The objectives of the programme are to:

  • Review evidence and best practice on effective cardiovascular disease prevention.
  • To create a compelling case for change through developing the scorecard for cardiovascular disease prevention and business case to demonstrate potential impact of improvements.
  • ‘Holding up a mirror’ to clinical commissioning groups and health and well-being boards on current service provision and performance in cardiovascular disease prevention by developing a scorecard on cardiovascular disease prevention data that can be benchmarked across East Midlands.
  • Review and develop options to support the spread of best practice including the development of new resources and/or signpost to existing resources to support implementation.
  • Reduce inequalities in cardiovascular disease prevention by working with clinical commissioning groups and general practices to implement quality improvement programmes
  • Provide clinical leadership and advice to clinical commissioning groups and health and well-being boards through the cardiovascular disease prevention task and finish group to support constituent organisations in improving cardiovascular disease prevention activities.

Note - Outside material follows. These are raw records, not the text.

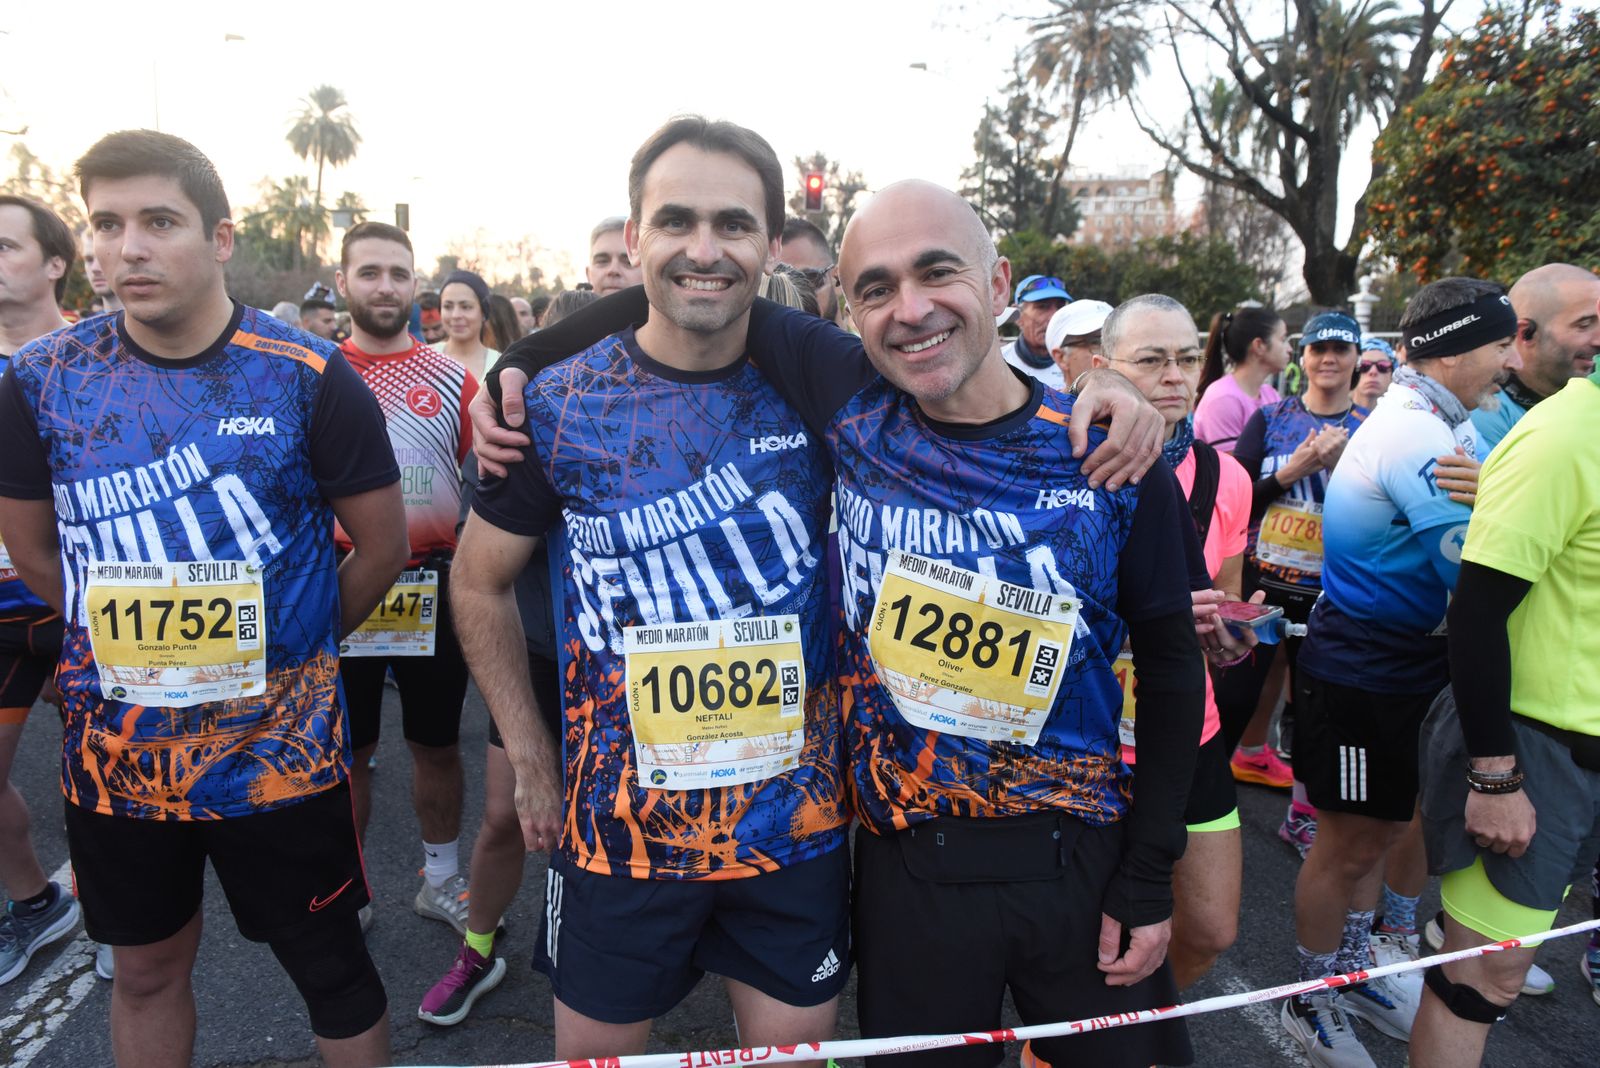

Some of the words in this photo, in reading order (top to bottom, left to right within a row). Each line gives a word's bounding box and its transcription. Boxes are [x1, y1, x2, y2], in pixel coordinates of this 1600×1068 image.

[1425, 314, 1482, 342] LURBEL
[216, 416, 276, 436] HOKA
[750, 431, 808, 455] HOKA
[75, 442, 210, 521] MARATÓN
[619, 461, 753, 552] MARATÓN
[1034, 488, 1095, 511] HOKA
[1271, 511, 1323, 542] 1078
[97, 566, 123, 580] MEDIO
[124, 564, 163, 580] MARATÓN
[188, 562, 238, 583] SEVILLA
[898, 553, 927, 576] MEDIO
[929, 564, 974, 592] MARATÓN
[996, 583, 1053, 616] SEVILLA
[380, 593, 422, 617] 147
[101, 597, 233, 641] 11752
[636, 629, 663, 645] MEDIO
[665, 623, 709, 643] MARATÓN
[733, 620, 779, 643] SEVILLA
[890, 594, 1032, 677] 12881
[137, 643, 171, 651] Gonzalo
[172, 643, 197, 651] Punta
[937, 658, 964, 674] Oliver
[642, 658, 780, 714] 10682
[919, 672, 939, 684] Perez
[940, 679, 973, 694] Gonzalez
[164, 691, 189, 699] HOKA
[695, 713, 733, 723] NEFTALI
[929, 712, 957, 727] HOKA
[686, 733, 719, 741] González
[720, 731, 744, 739] Acosta
[710, 767, 737, 779] HOKA
[912, 1039, 939, 1051] Creativa
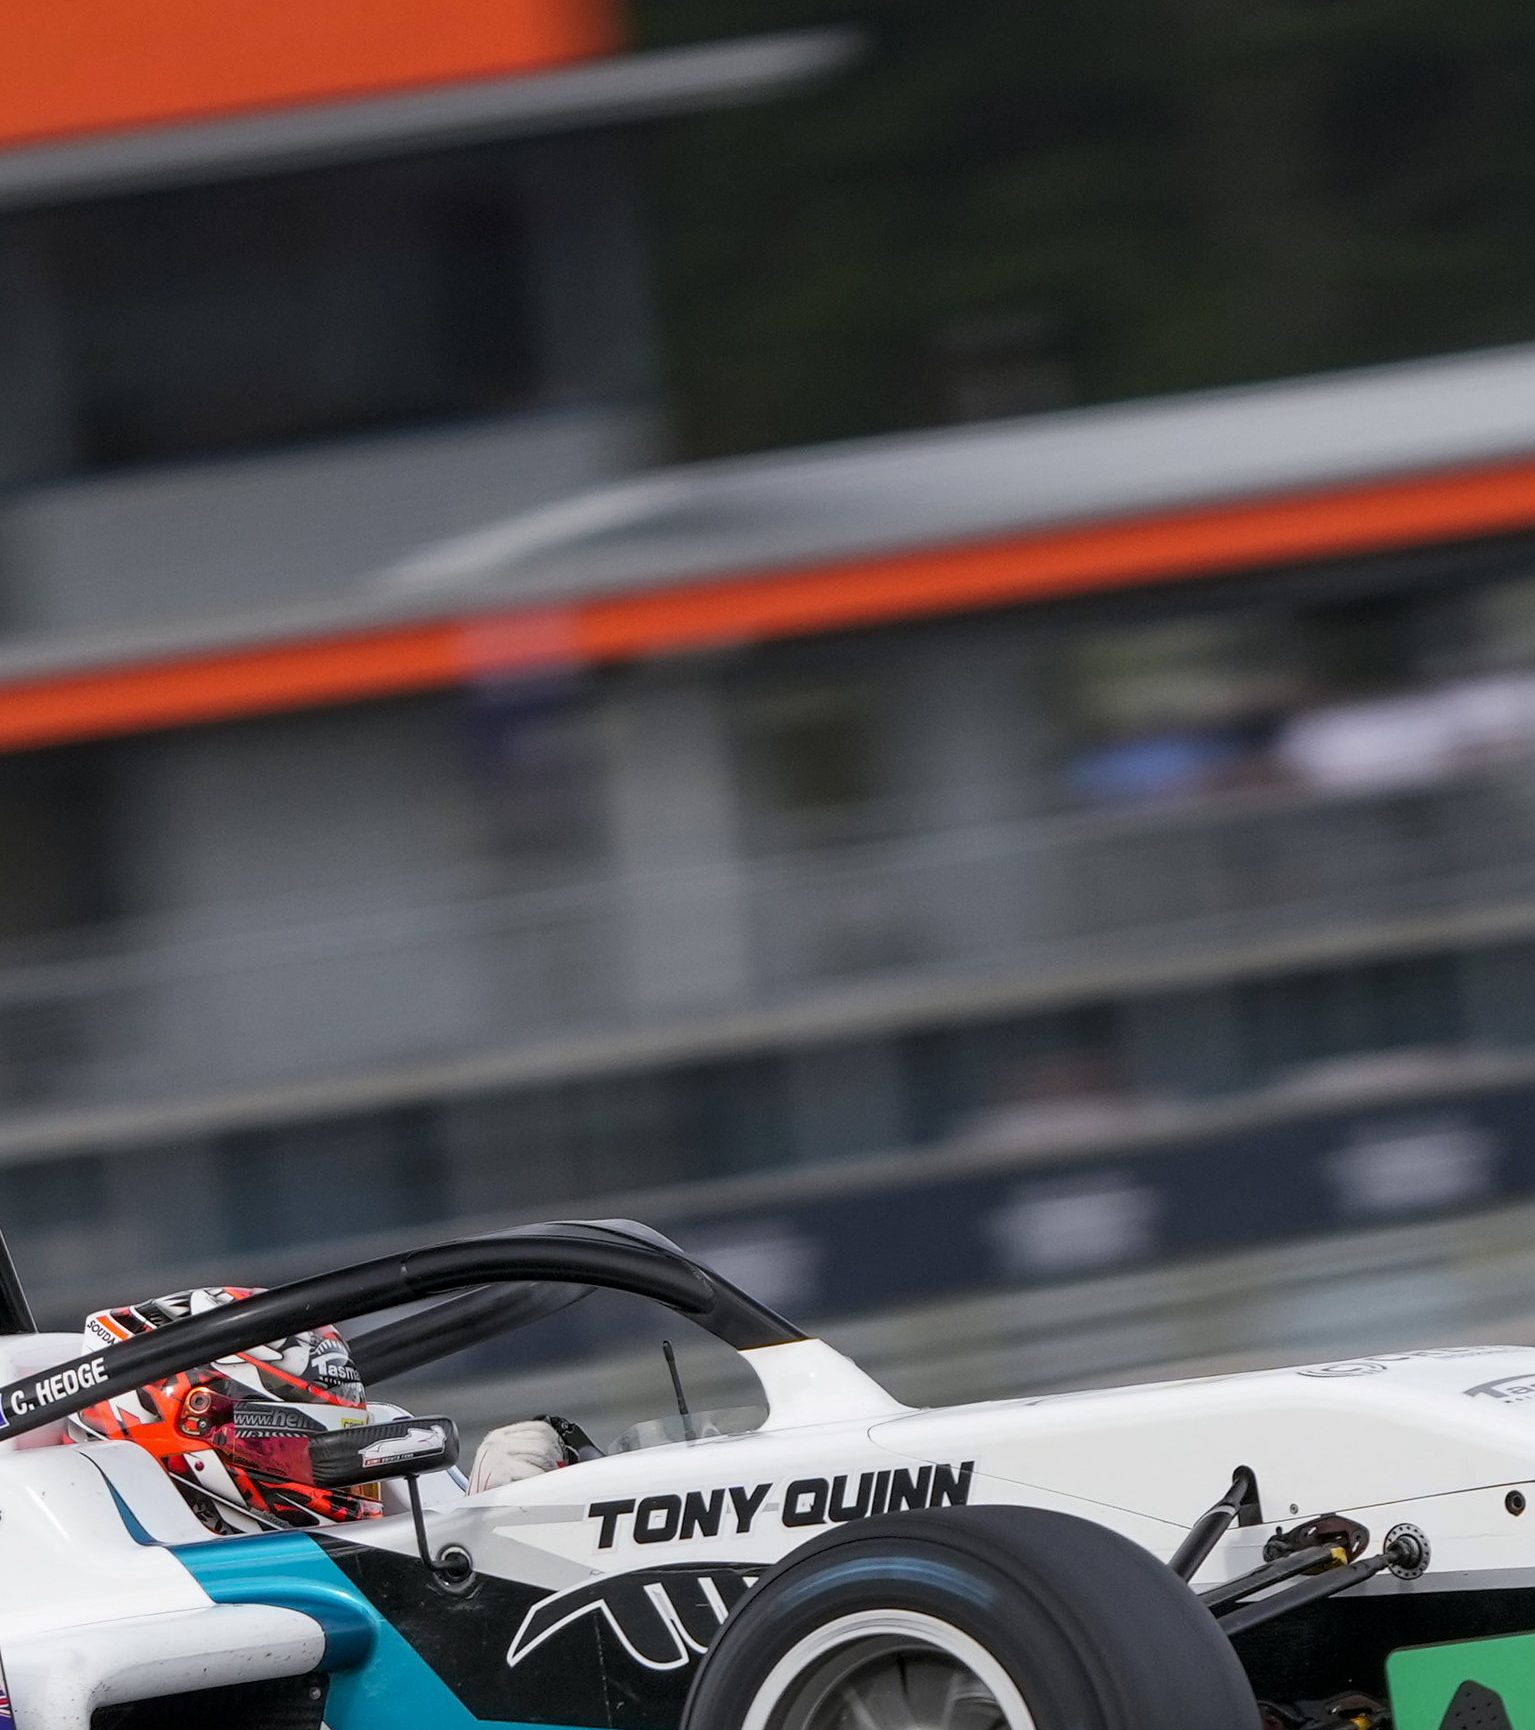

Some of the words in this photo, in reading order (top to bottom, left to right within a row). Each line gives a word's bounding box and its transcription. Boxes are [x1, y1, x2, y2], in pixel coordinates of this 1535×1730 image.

[10, 1390, 35, 1415] C.
[35, 1357, 109, 1407] HEDGE
[587, 1483, 774, 1548] TONY
[781, 1460, 974, 1527] QUINN

Why is the programme required?
3,322 people die prematurely of heart disease and stroke each year in the East Midlands, which equates to 14 people per day.

Cardiovascular disease was responsible for nearly 30% of deaths in 2011 and is the largest cause of disability. Cardiovascular disease is a major cause of premature death, with a quarter of deaths being before the age of 75. Cardiovascular disease means all the diseases of the heart and circulation including coronary heart disease (angina and heart attack), and stroke.

Despite significant improvements in cardiovascular mortality England still lags behind other countries in Europe and the ambition is for England to have the lowest rates of premature mortality from cancer, cardiovascular disease, respiratory and liver disease amongst European peers. If everyone had access to the best treatment that is already available, then following existing trends the NHS in England could avoid an extra 30,000 deaths per year by 2020.